I went from buying 15 category romances a month to buying none. I used to try new authors if their story sounded interesting--I no longer trust the judgment of the editors for H/S. If a new author doesn't have half a dozen readers swearing the book is good, I don't buy it.

I went from buying 15 single title romances to buying a few each month. This month I have 2 books on my TBB List (To Be Bought) Both of them are "New Reality." I don't read historical romances at all anymore, but to be fair, I grew bored with them before they became so much the same.

So many of my favorite authors have dropped off my must-buy list. Too much suspense, not enough time spent on the relationship. I don't read Sandra Brown at all any longer. She doesn't write what I want to read. I want more Slow Heat In Heaven, not more Fat Tuesday. It seems like whenever any romance writer goes to hardcover, it's just a matter of time before we lose too much romance and only get the suspense or women's fiction elements. Again, there was a long stretch with very few strong, new voices coming up.

So to sum up--and I'm running late--the problem isn't romance or its readers. The problem is that publishers played it too safe for too long--and many still are. They bored the reader into other genres. What do I think will bring romance readers back to romance? My suggestion is for the publishers.

PUSH THE ENVELOPE! Let your writers free to come up with something new. Don't be afraid of strong voices. Take chances! Sure, some of those risks aren't going to work, but when they do... Ah, when they do, there is a vibrant and healthy romance genre. It was true in the early to mid-90's and it can be true again.

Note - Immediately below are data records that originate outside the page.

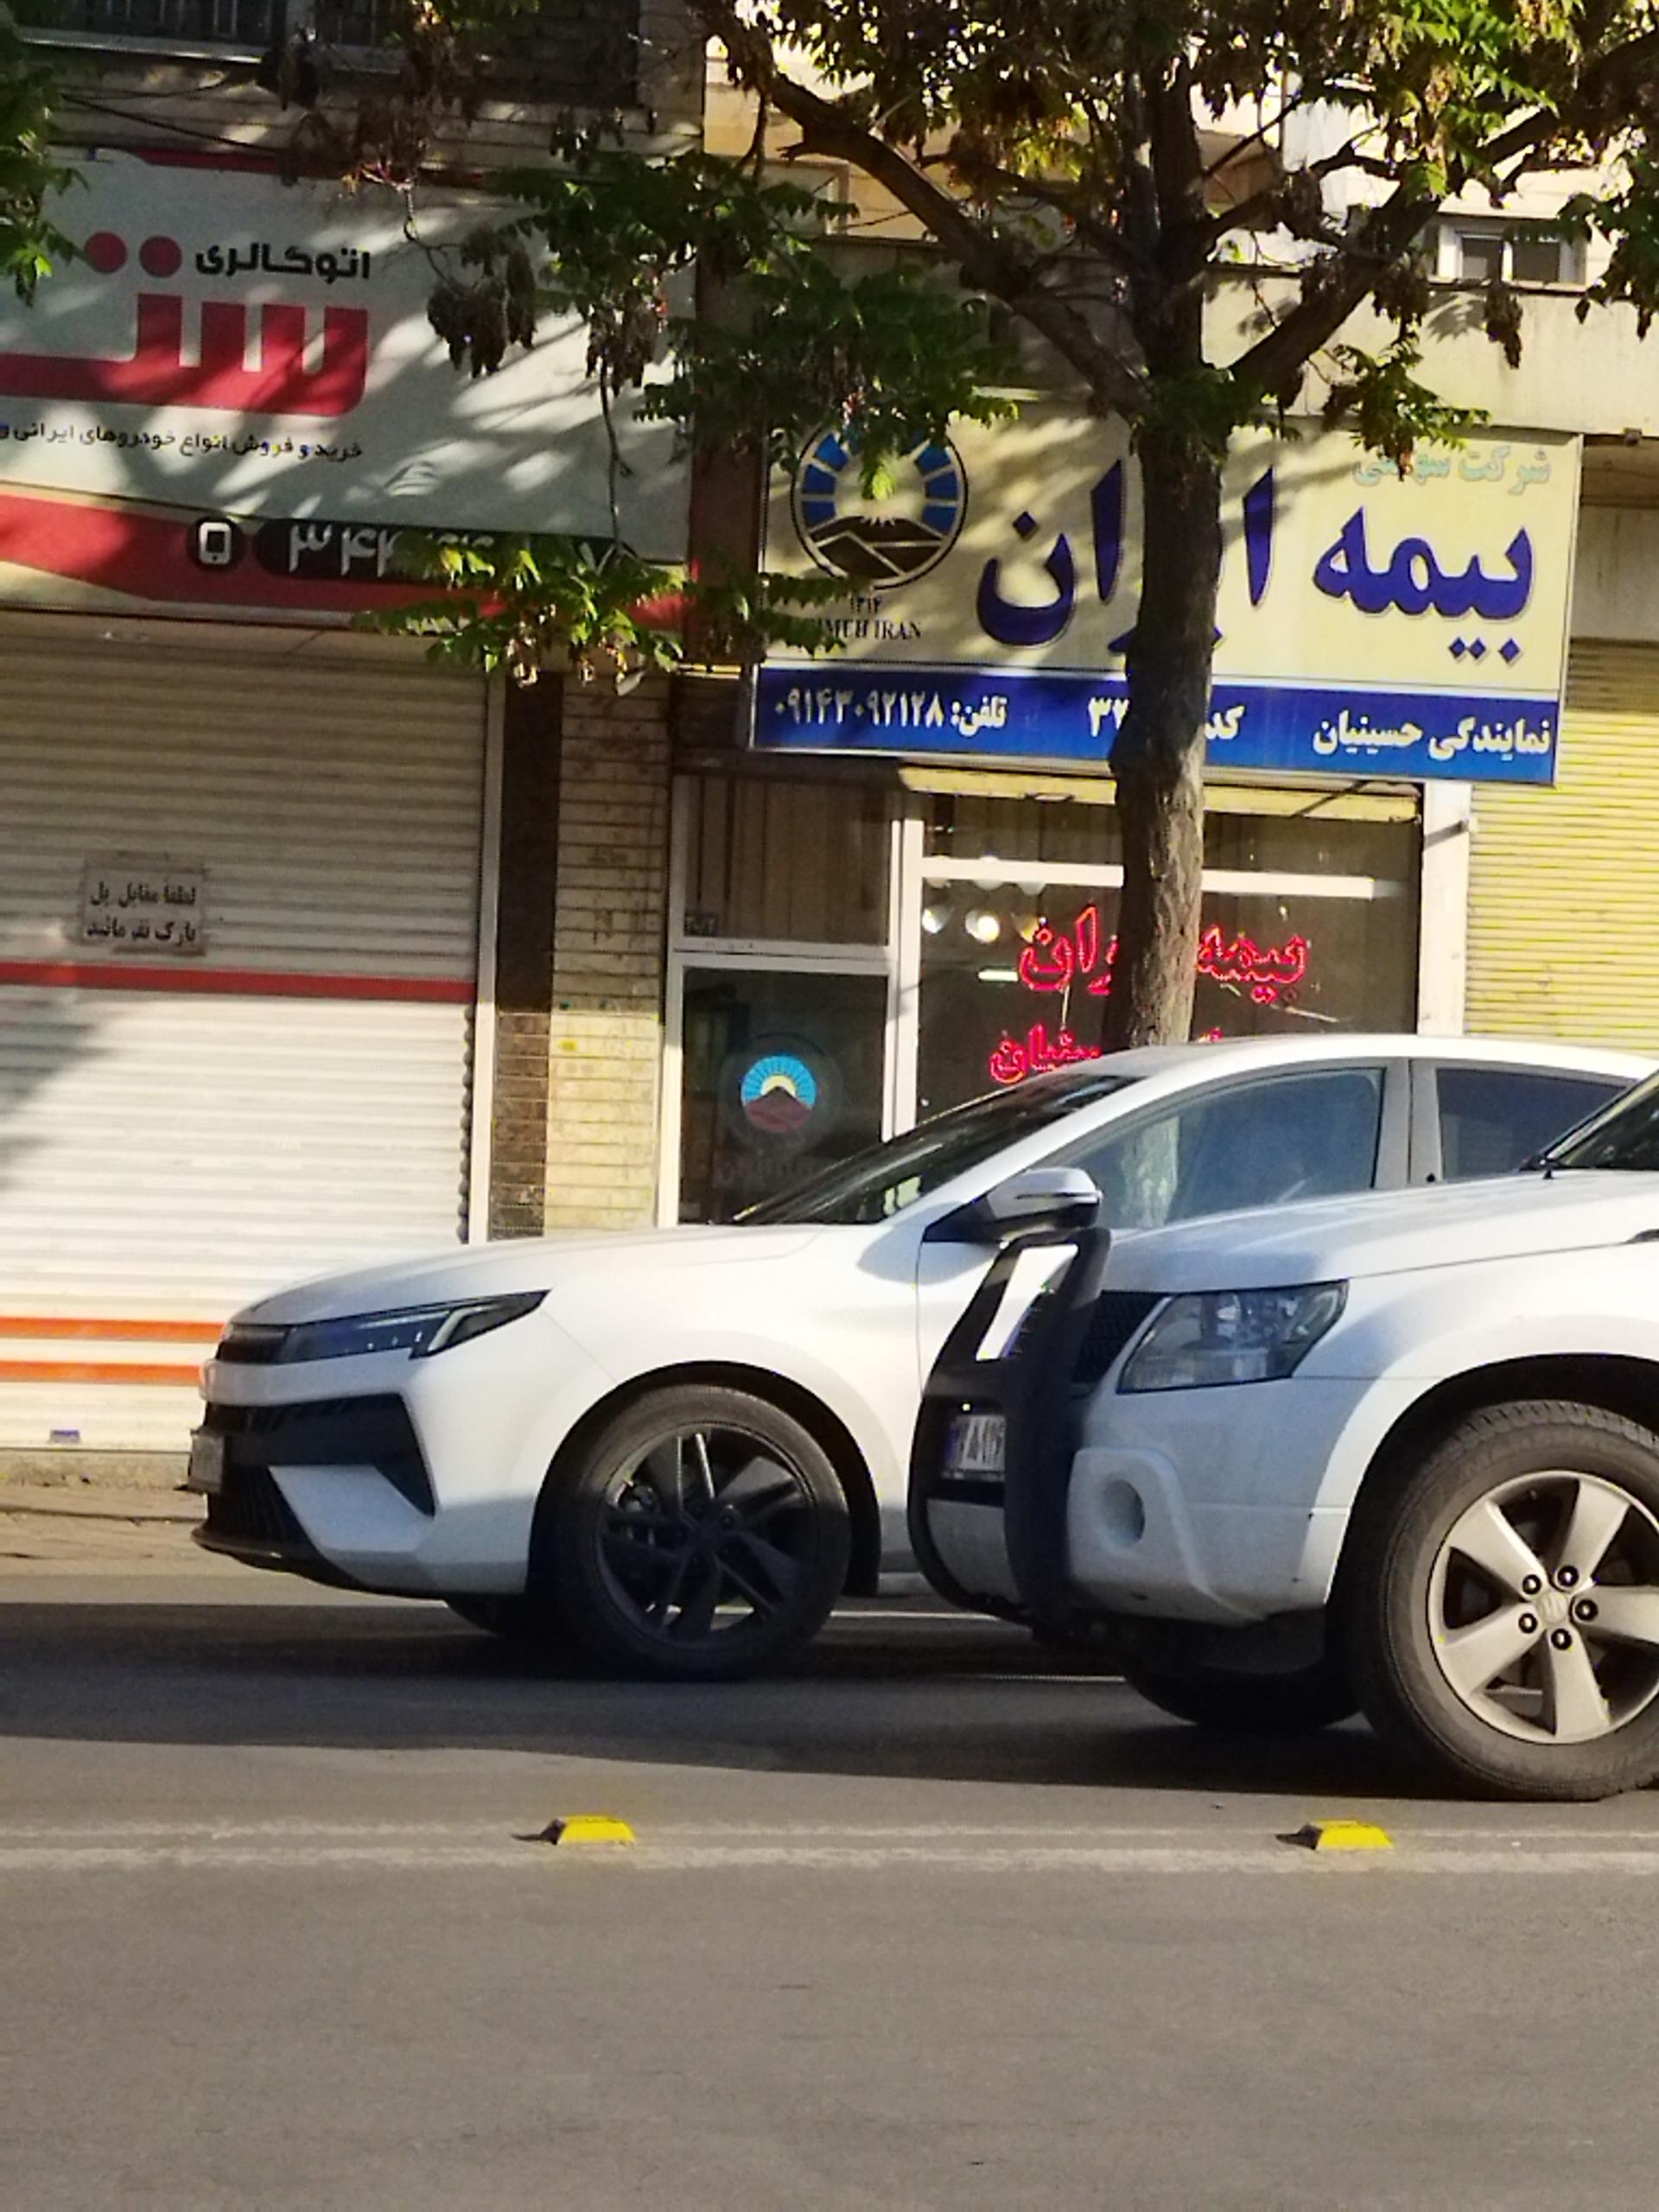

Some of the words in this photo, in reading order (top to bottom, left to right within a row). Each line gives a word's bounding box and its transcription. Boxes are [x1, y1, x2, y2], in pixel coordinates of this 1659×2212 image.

[14, 423, 75, 445] ایرانی
[79, 425, 176, 449] خودروهای
[179, 433, 228, 457] انواع
[232, 434, 294, 458] فروش
[298, 444, 309, 460] و
[315, 442, 363, 462] خرید
[1312, 505, 1535, 665] بیمه
[874, 620, 922, 640] IRAN
[1313, 709, 1424, 754] حسینیان
[1428, 716, 1552, 761] نمایندگی

Give the readers choice. Lots and lots of choice. The problem isn't that readers are tired of romance, the problem is that readers are tired of the SAME OLD romance. Chick Lit and Hen Lit and Chick Lit with Guns are nice additions, but they're not the answer. Freedom. Choices. Variety. Risks. Strong writers with strong voices. Those are the answers. I speak from experience. I'm the reader you lost. I'm the reader you want back. I'm waiting.

MN Weather Report: 28 degrees. Wind Chill: 16 degrees.